FRANKFURT, Germany – Europe’s economy needs help – fast. Yet the two powers that could take action, the European Central Bank and Germany, don’t see eye to eye about what to do.

That leaves Europe’s currency union stuck in a dangerous policy limbo that has investors worried as it risks falling into recession for a third time in six years.

Concern that the 18-country currency union, which accounts for 17 percent of the world economy, has no clear path out of its economic trouble is among the key factors in this week’s global market turmoil. The Stoxx 50 index of top eurozone stocks fell as much as 6.3 percent this week before recovering somewhat Friday. It is down 5.7 percent over the past three months.

The eurozone saw no growth at all in the second quarter after only four quarters of sluggish recovery.
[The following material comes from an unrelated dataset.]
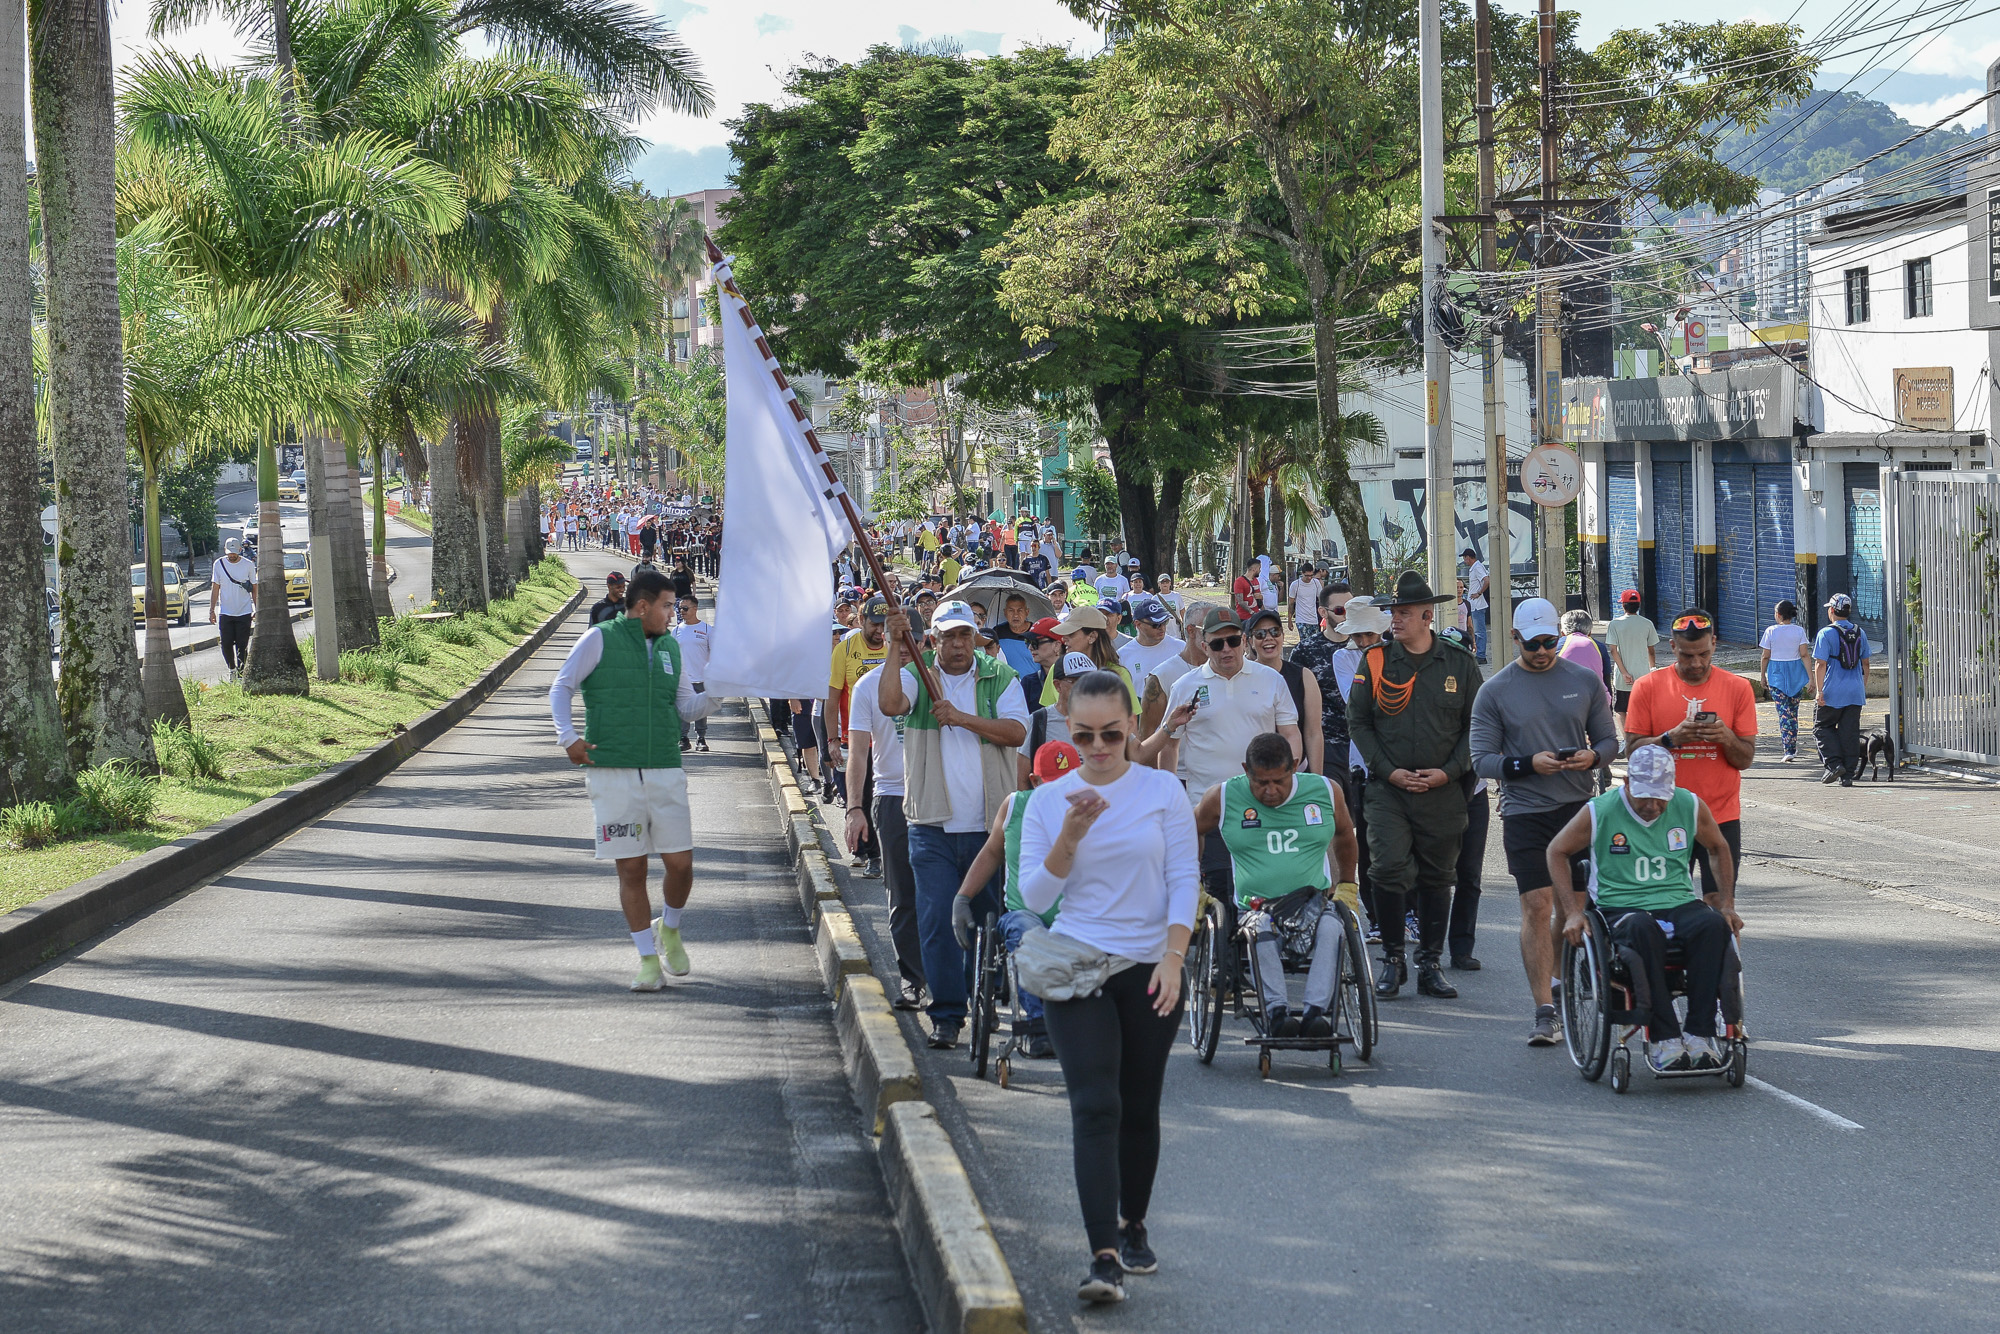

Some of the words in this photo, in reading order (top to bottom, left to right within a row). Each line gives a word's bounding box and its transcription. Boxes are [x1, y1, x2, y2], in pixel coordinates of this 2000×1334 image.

It also has dangerously low inflation, which can depress growth over years, if not decades, as happened in Japan. A sudden decline in exports and industrial activity in Germany, long the region’s source of growth, heightened those concerns.

There are several big ideas about how to boost growth – for the long term. A free trade agreement with the United States, a Europe-wide investment fund to put 300 billion euros into infrastructure, looser employment rules in France and Italy. An ECB review of bank finances due this month could purge hidden losses from the financial system and get more credit flowing to companies.

Yet those ideas will take months or even years to boost economic activity. More immediate help would come from more monetary stimulus from the ECB or increased spending from governments.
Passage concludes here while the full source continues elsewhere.